→ **Work task**:
Leaving the pictures out, transcribe the records below exactly.

→ **Data for review**:
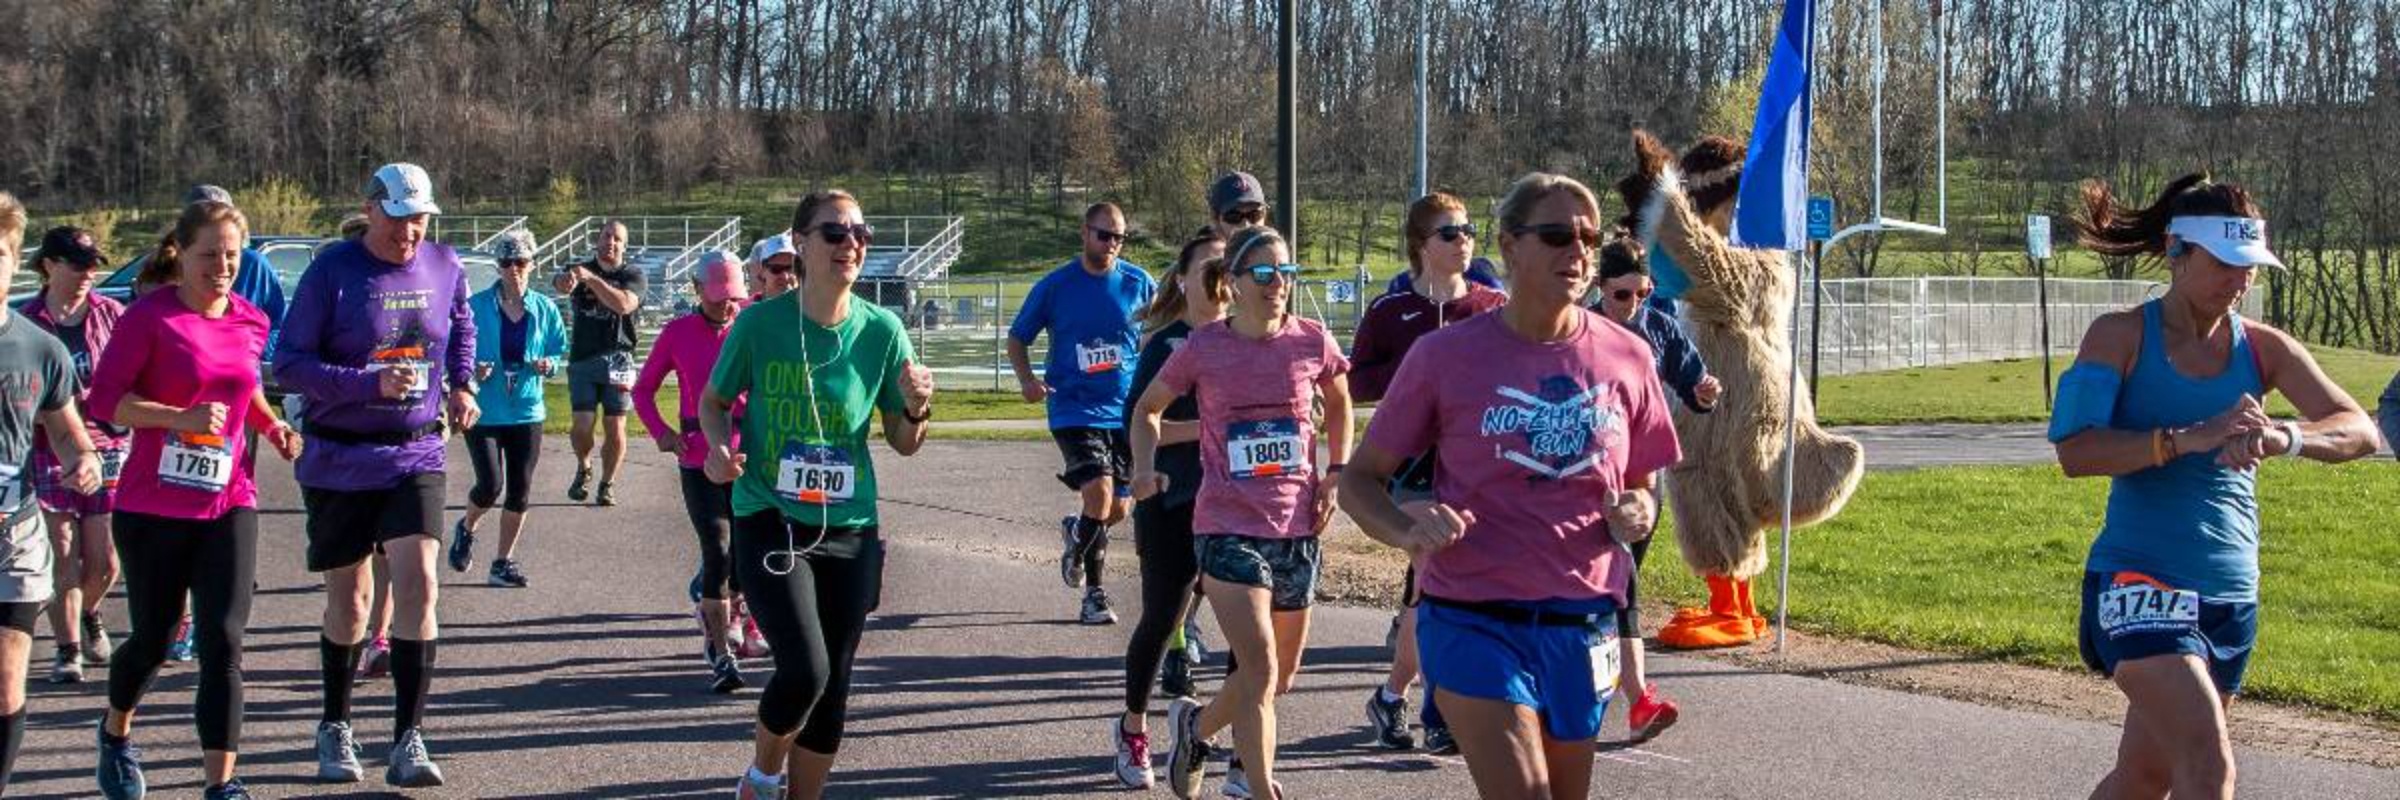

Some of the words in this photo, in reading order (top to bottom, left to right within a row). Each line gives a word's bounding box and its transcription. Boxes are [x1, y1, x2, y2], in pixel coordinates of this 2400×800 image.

[1243, 442, 1291, 465] 1803
[1532, 430, 1586, 456] RUN
[175, 453, 220, 478] 1761
[2116, 590, 2181, 617] 1747
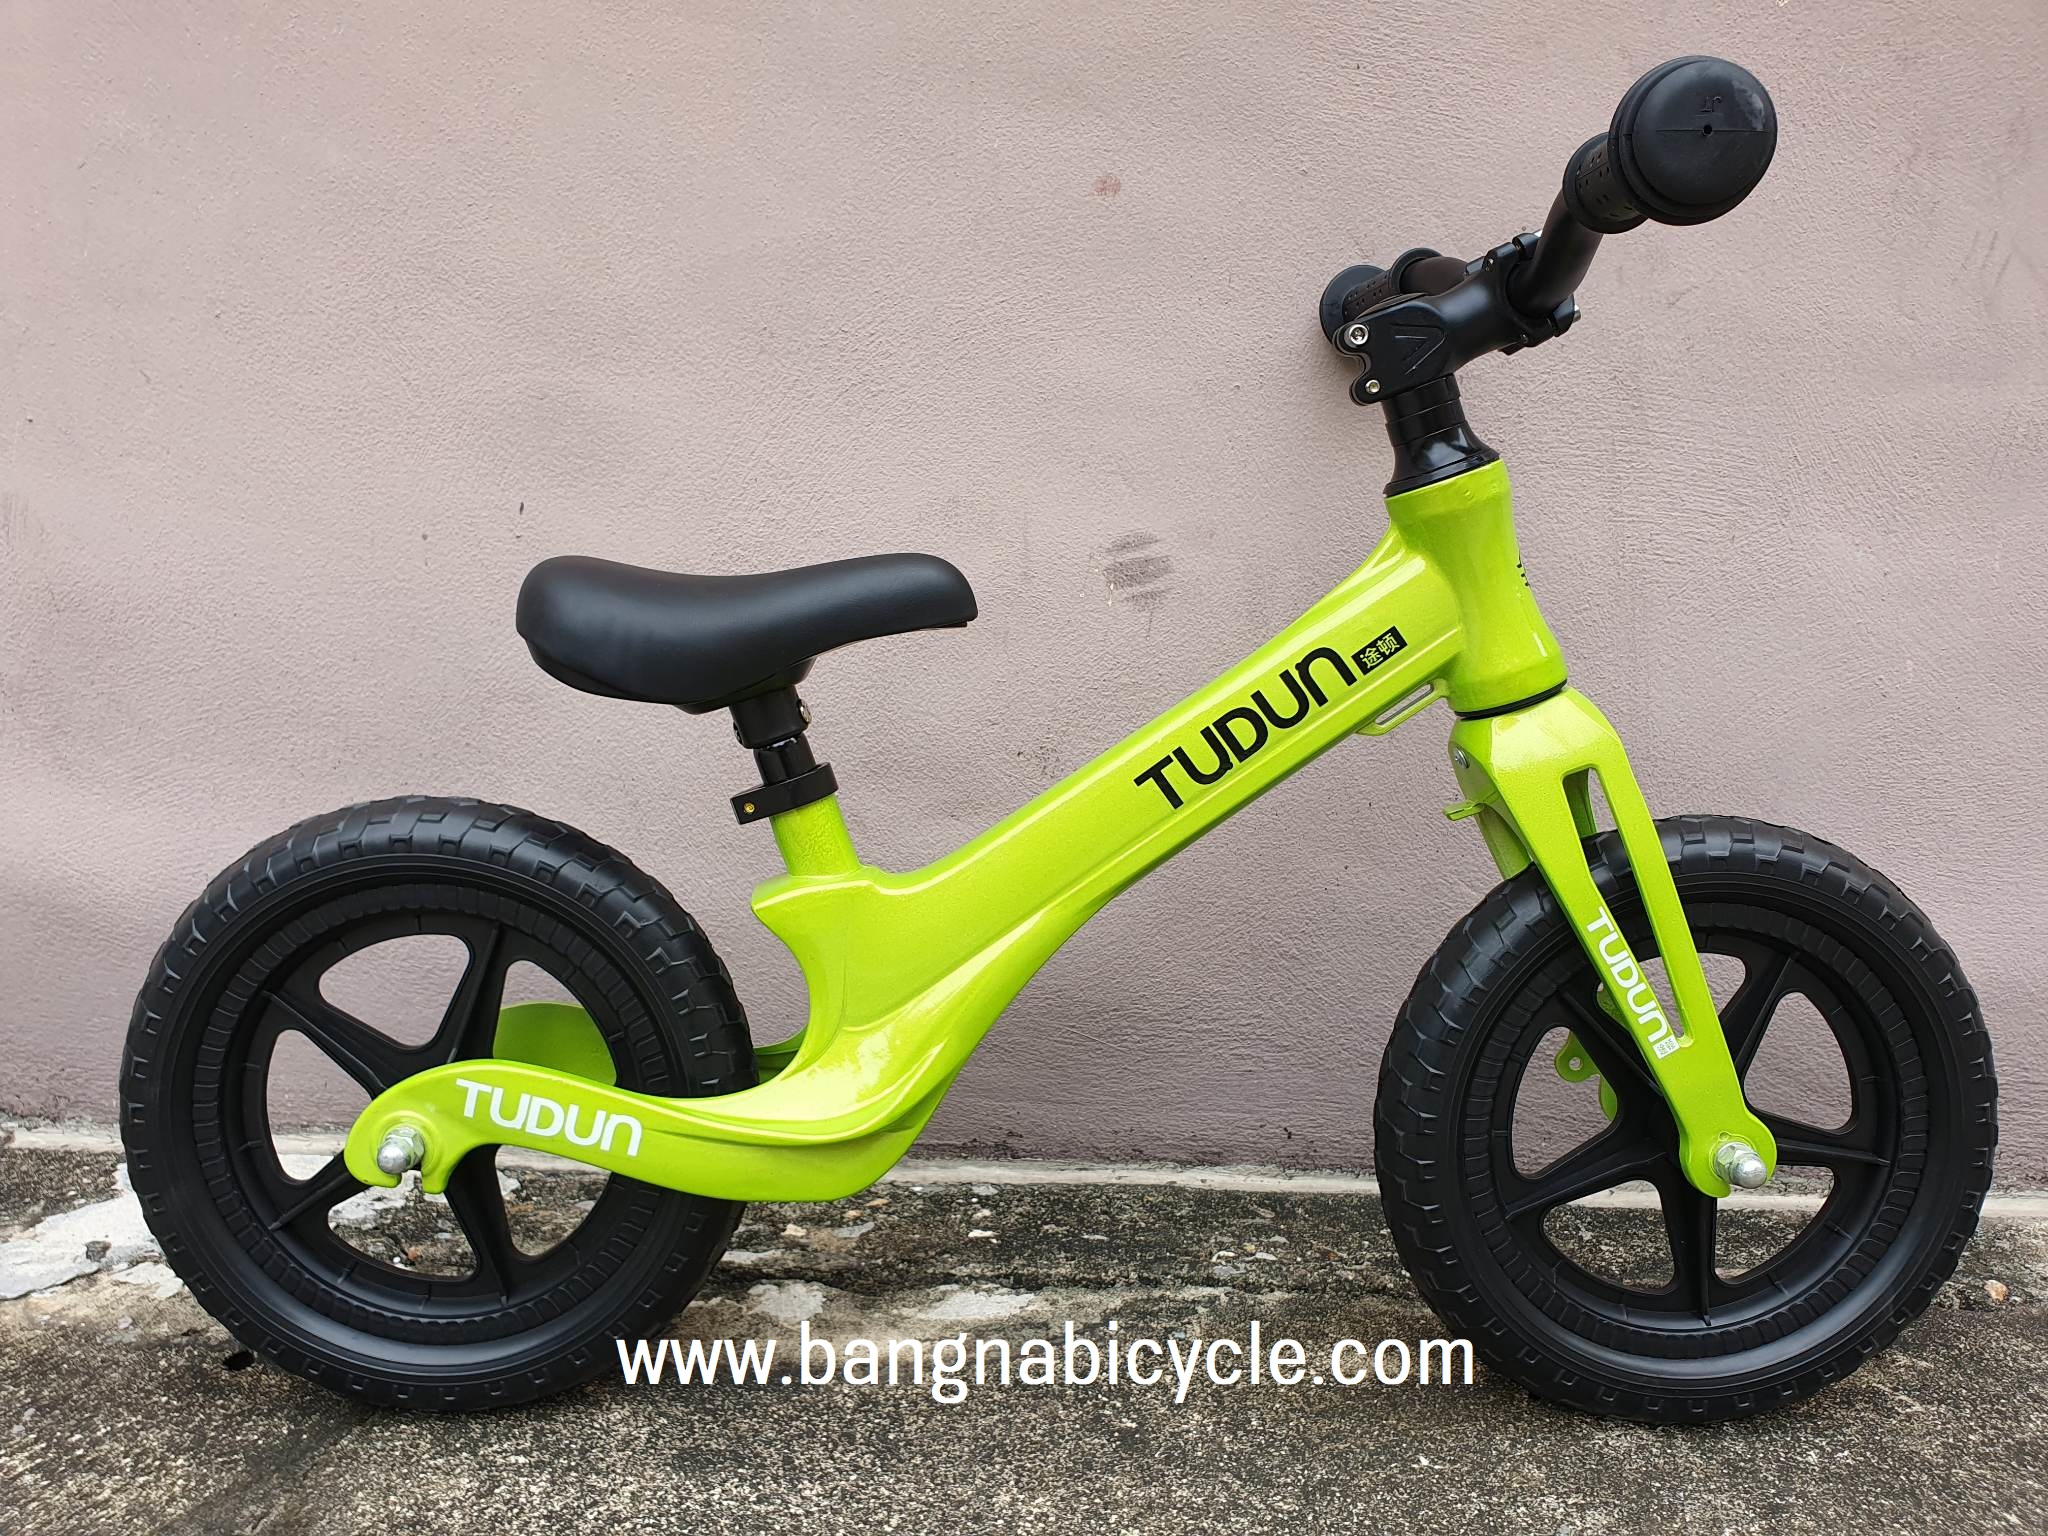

→ **Output for this exercise**:
Some of the words in this photo, in reading order (top to bottom, left to right within a row). Each line gives a word's bounding box and its transcription. Boxes are [x1, y1, x2, y2], in pixel coordinates of this 2400×800 image.

[1243, 442, 1291, 465] 1803
[1532, 430, 1586, 456] RUN
[175, 453, 220, 478] 1761
[2116, 590, 2181, 617] 1747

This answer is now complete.